WORK TO COMPLETE
The output should contain the listing word for word and no pictures.

DATA FOR PROCESSING
● ● ● ● ● ● ●

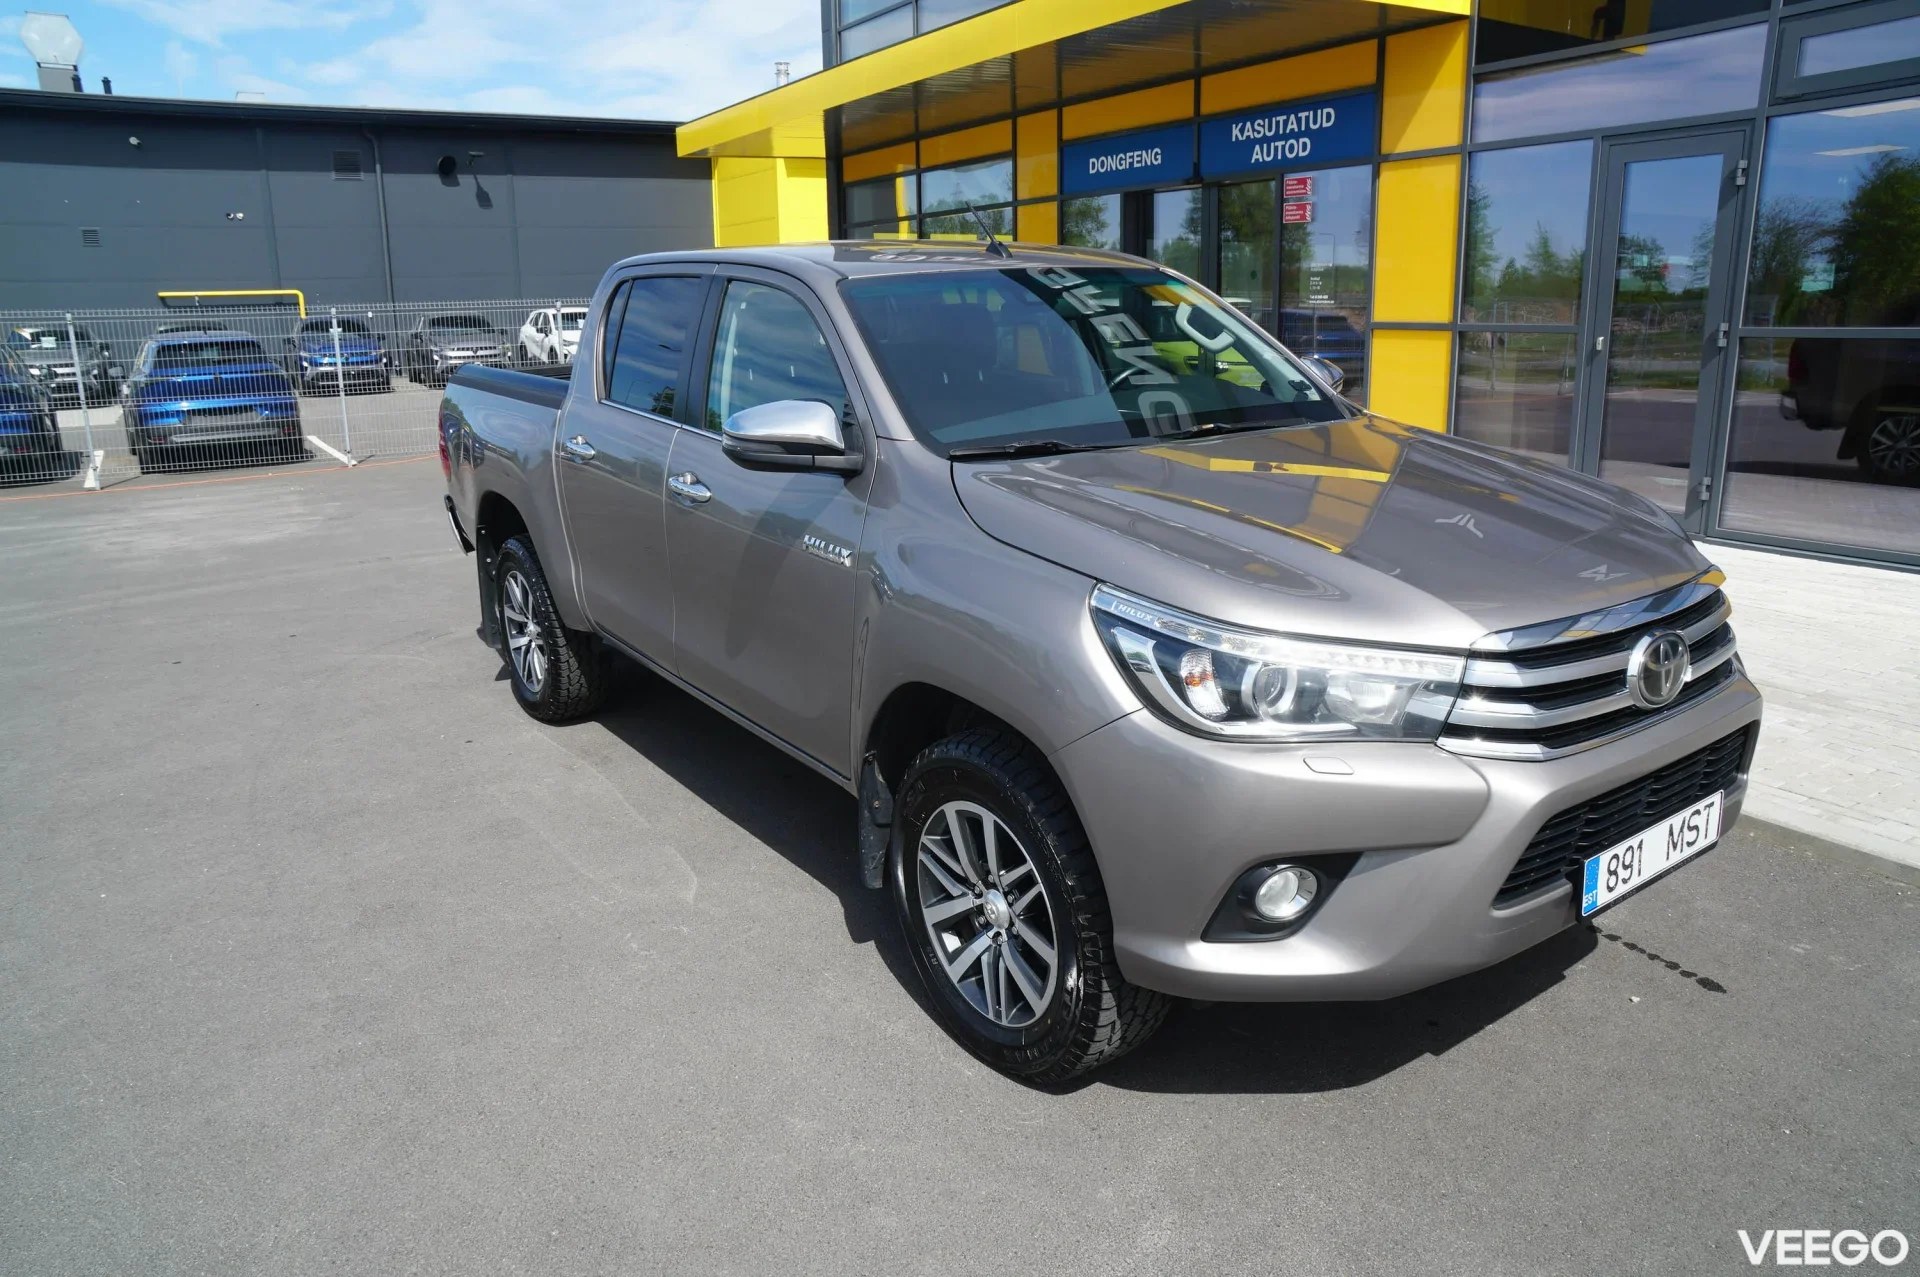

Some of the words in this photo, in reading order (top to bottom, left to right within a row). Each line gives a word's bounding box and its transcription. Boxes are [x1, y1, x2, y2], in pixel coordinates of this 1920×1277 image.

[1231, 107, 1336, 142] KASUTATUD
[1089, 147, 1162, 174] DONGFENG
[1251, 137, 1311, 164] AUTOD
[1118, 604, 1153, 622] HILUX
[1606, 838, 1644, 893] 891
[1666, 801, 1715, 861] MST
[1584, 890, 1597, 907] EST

● ● ● ● ● ● ●

EXPECTED ANSWER
Some of the words in this photo, in reading order (top to bottom, left to right within a row). Each line gives a word's bounding box and its transcription. Boxes are [x1, y1, x2, y2], in pixel coordinates of this 1920×1277 image.

[1231, 107, 1336, 142] KASUTATUD
[1089, 147, 1162, 174] DONGFENG
[1251, 137, 1311, 164] AUTOD
[1118, 604, 1153, 622] HILUX
[1606, 838, 1644, 893] 891
[1666, 801, 1715, 861] MST
[1584, 890, 1597, 907] EST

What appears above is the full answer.